• **Aim of the exercise**: What you return should be every line below, word for word, and none of the images.

........

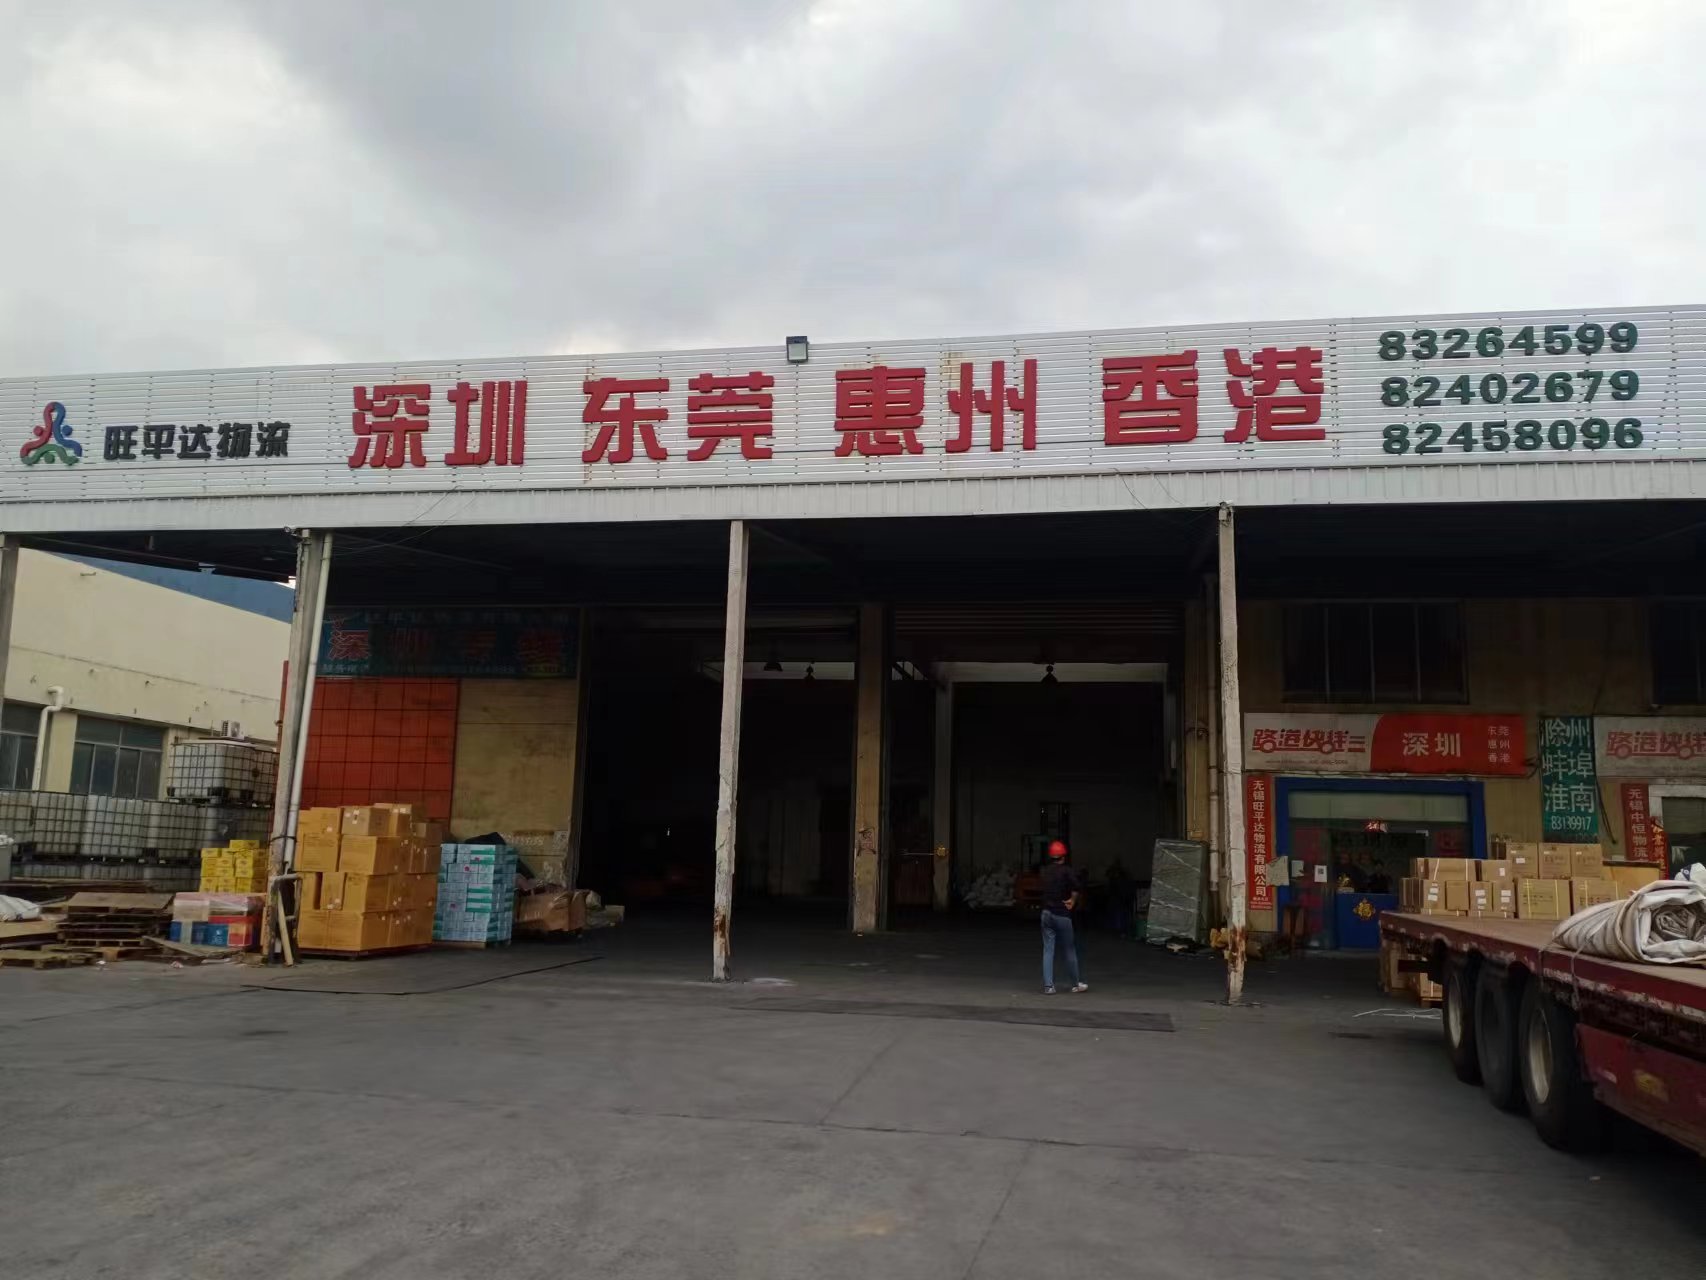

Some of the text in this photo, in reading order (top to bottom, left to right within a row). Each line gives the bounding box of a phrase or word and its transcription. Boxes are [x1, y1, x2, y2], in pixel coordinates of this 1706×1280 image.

[1378, 322, 1638, 360] 83264599
[1381, 368, 1638, 406] 82402679
[350, 347, 1325, 467] 深圳 东莞 惠州 香港
[104, 421, 291, 460] 旺平达物流
[1383, 413, 1642, 454] 82458096
[1402, 731, 1460, 758] 深圳
[1541, 718, 1591, 747] 滁州
[1542, 750, 1594, 780] 蚌埠
[1544, 784, 1594, 813] 淮南
[1252, 780, 1267, 896] 无锡旺平达物流有限公司
[1628, 788, 1649, 861] 无锡中恒物流

........

• **Answer space**:
Some of the text in this photo, in reading order (top to bottom, left to right within a row). Each line gives the bounding box of a phrase or word and its transcription. Boxes are [x1, y1, x2, y2], in pixel coordinates of this 1706×1280 image.

[1378, 322, 1638, 360] 83264599
[1381, 368, 1638, 406] 82402679
[350, 347, 1325, 467] 深圳 东莞 惠州 香港
[104, 421, 291, 460] 旺平达物流
[1383, 413, 1642, 454] 82458096
[1402, 731, 1460, 758] 深圳
[1541, 718, 1591, 747] 滁州
[1542, 750, 1594, 780] 蚌埠
[1544, 784, 1594, 813] 淮南
[1252, 780, 1267, 896] 无锡旺平达物流有限公司
[1628, 788, 1649, 861] 无锡中恒物流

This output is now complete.